What is expected
Repeat the data word for word. Do not include the pictures.

Given data

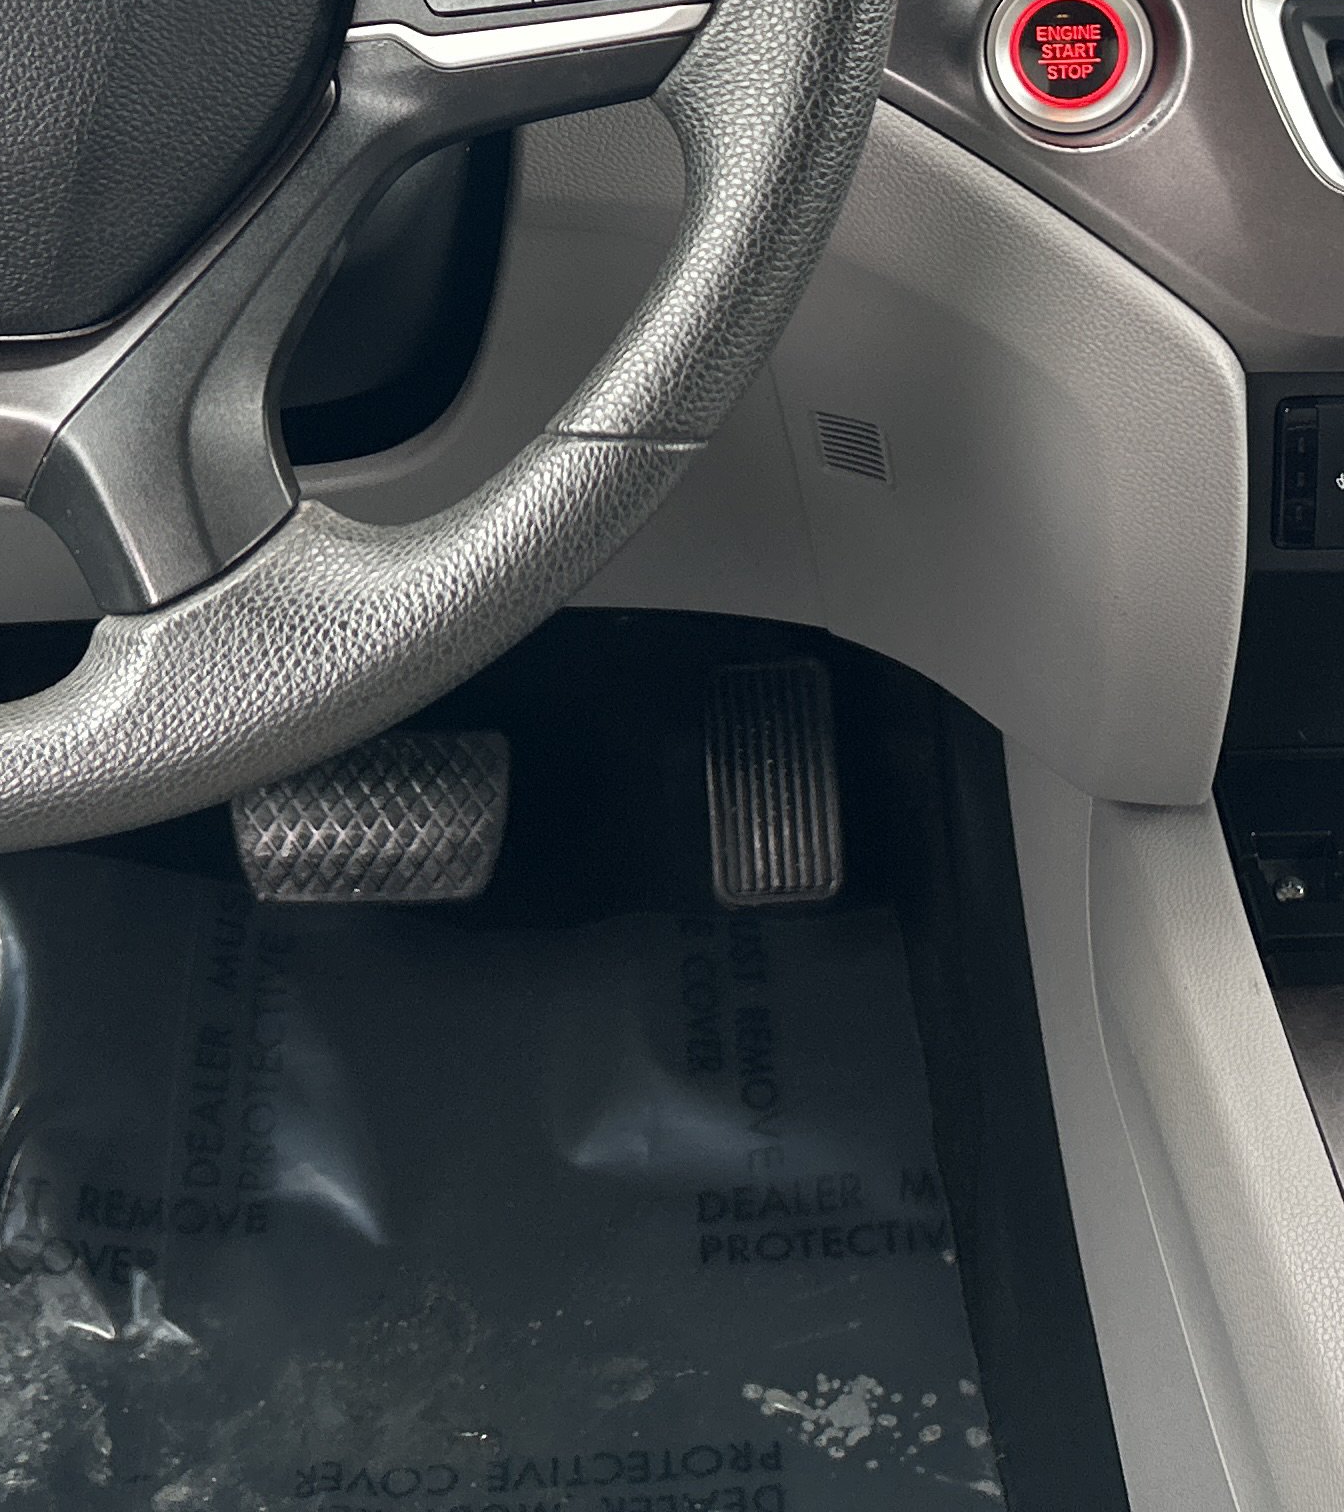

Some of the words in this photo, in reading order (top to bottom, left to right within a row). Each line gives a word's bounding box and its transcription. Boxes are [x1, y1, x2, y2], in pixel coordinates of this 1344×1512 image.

[1036, 24, 1102, 41] ENGINE
[1041, 42, 1097, 59] START
[1046, 64, 1094, 80] STOP
[205, 890, 253, 994] MUS
[681, 955, 724, 1076] COVER
[238, 929, 297, 1194] PROTECTIVE
[181, 1023, 233, 1188] DEALER
[734, 1005, 785, 1174] REMOVE
[76, 1183, 273, 1238] REMOVE
[696, 1171, 863, 1226] DEALER
[699, 1218, 949, 1265] PROTECTIV
[293, 1460, 460, 1499] COVER
[485, 1440, 784, 1494] PROTECTIVE
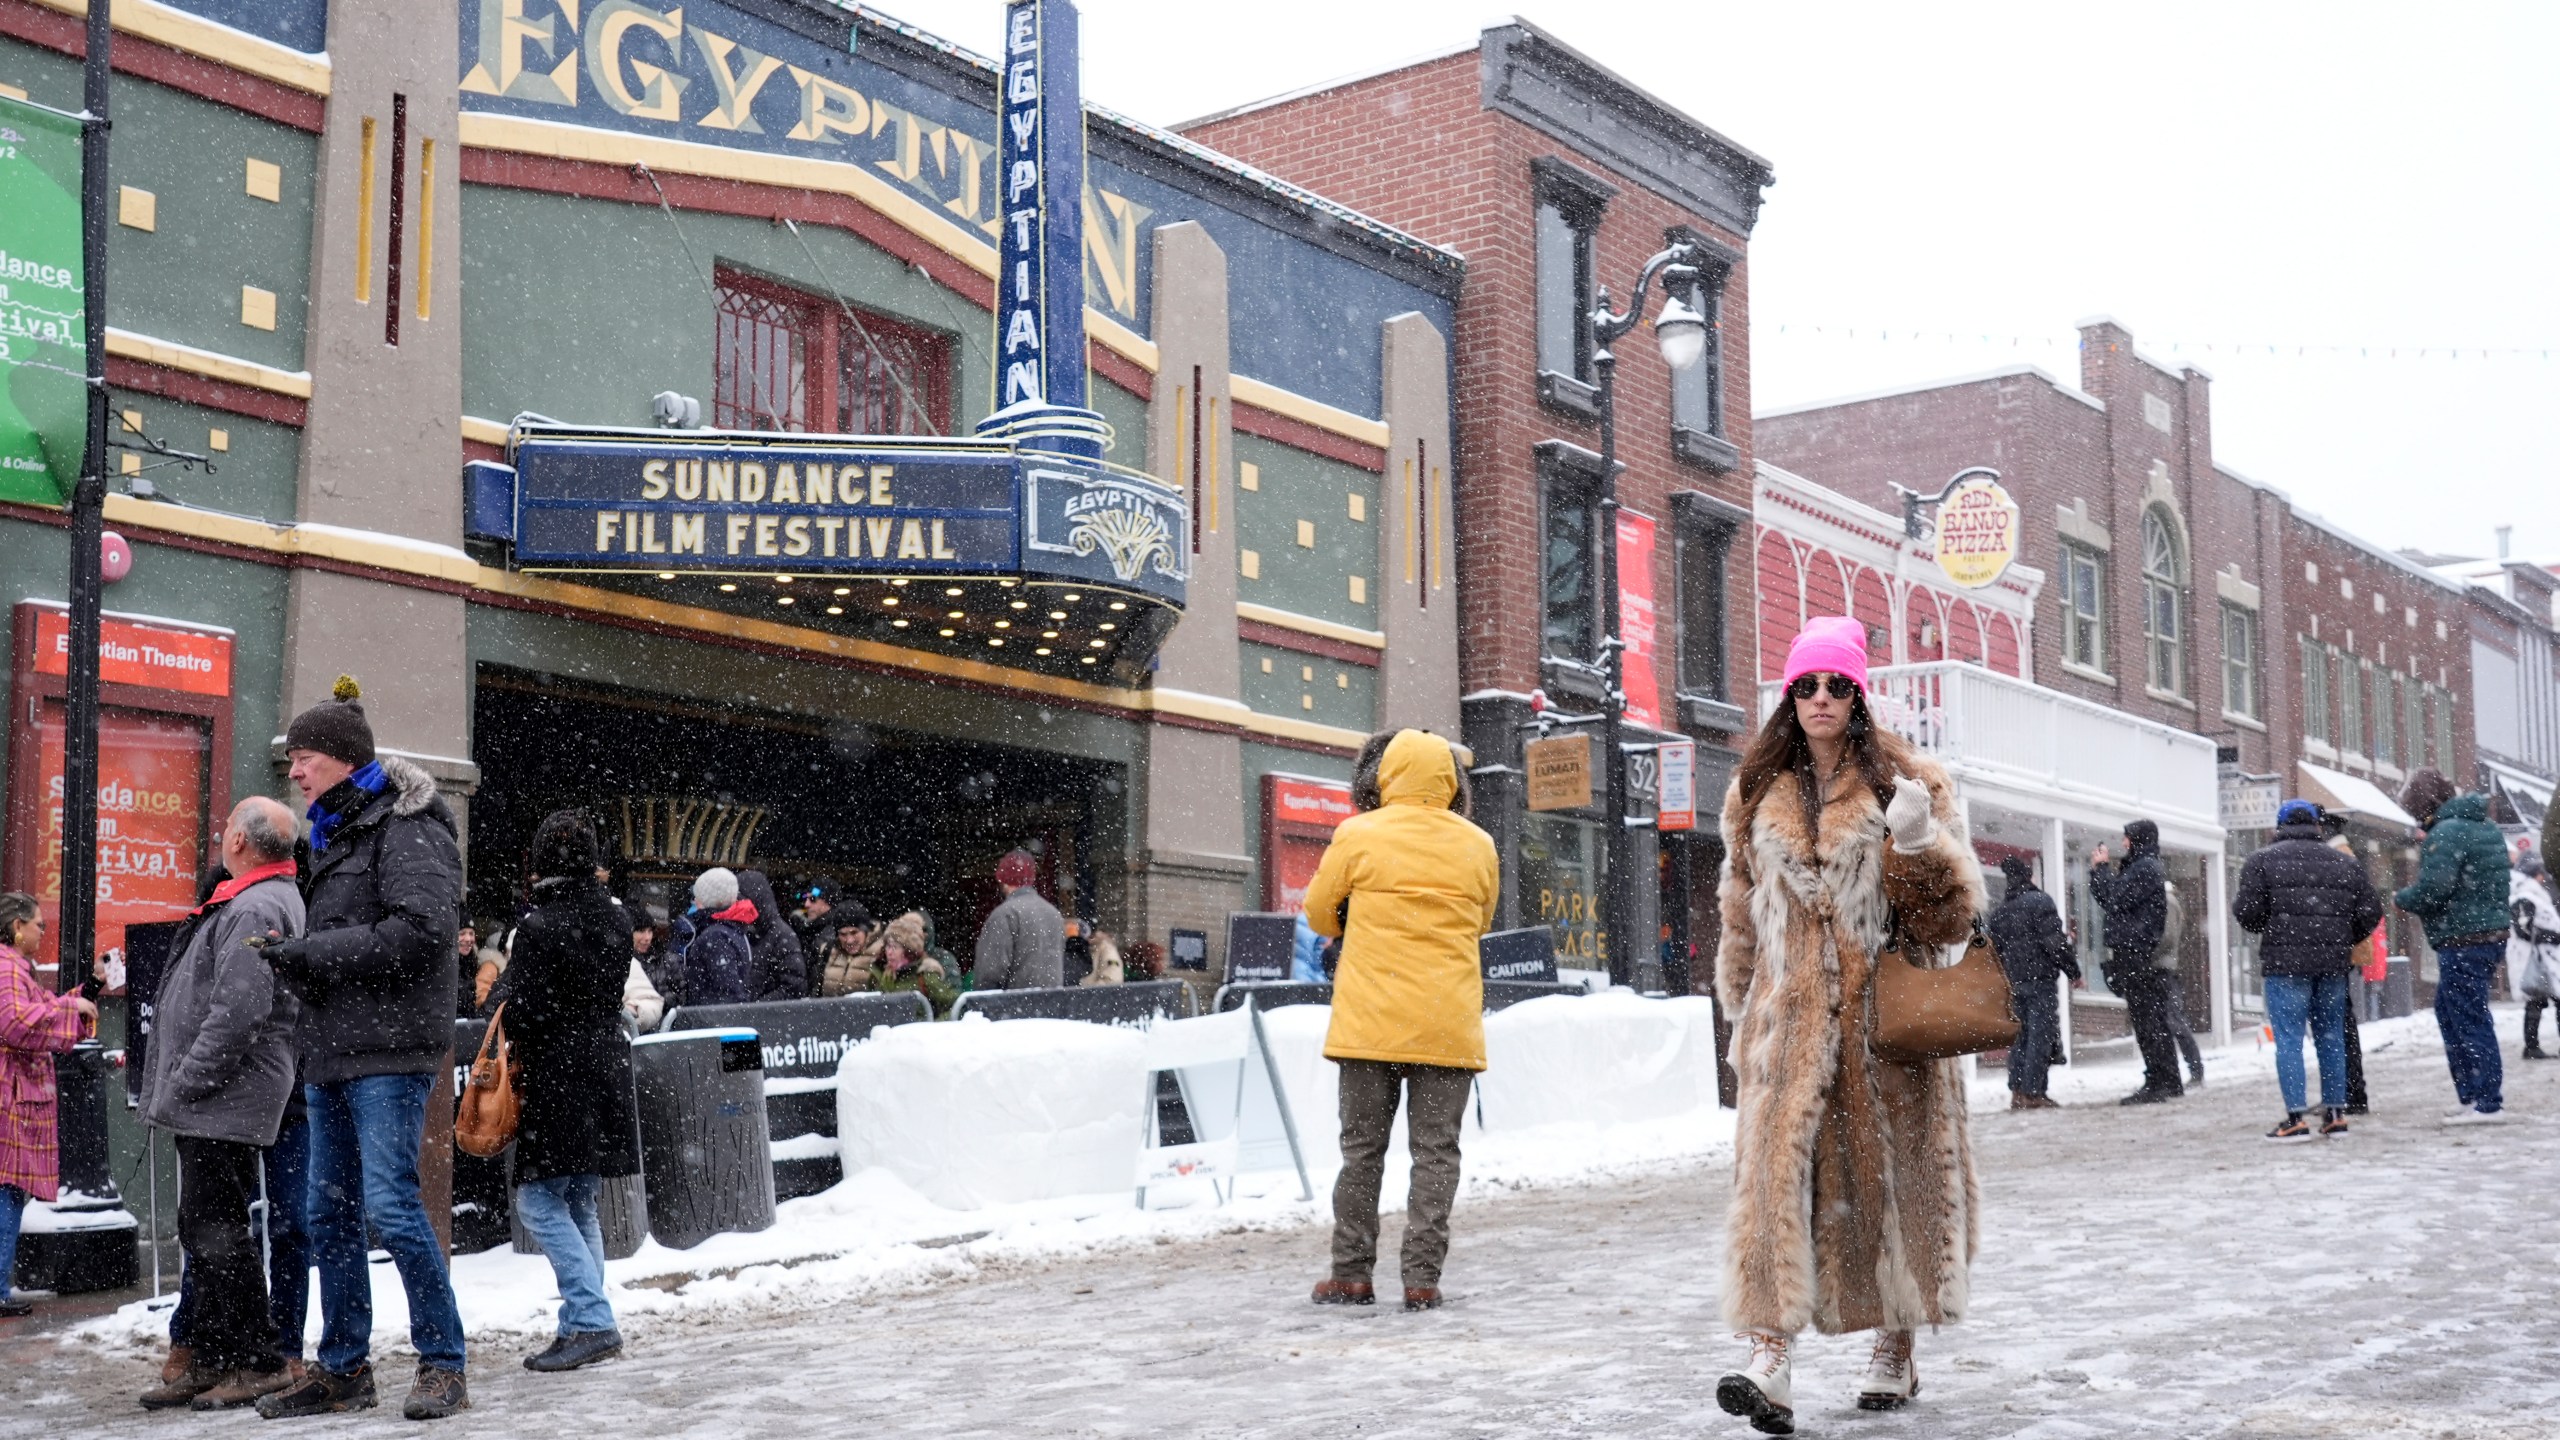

Answer section
Some of the words in this photo, in reading order (top to bottom, left to right within a row). Each line gives a word's bounding box and its transcription. Boxes are [x1, y1, x2, y2], in pixel coordinates of this 1344×1512 image.

[1036, 24, 1102, 41] ENGINE
[1041, 42, 1097, 59] START
[1046, 64, 1094, 80] STOP
[205, 890, 253, 994] MUS
[681, 955, 724, 1076] COVER
[238, 929, 297, 1194] PROTECTIVE
[181, 1023, 233, 1188] DEALER
[734, 1005, 785, 1174] REMOVE
[76, 1183, 273, 1238] REMOVE
[696, 1171, 863, 1226] DEALER
[699, 1218, 949, 1265] PROTECTIV
[293, 1460, 460, 1499] COVER
[485, 1440, 784, 1494] PROTECTIVE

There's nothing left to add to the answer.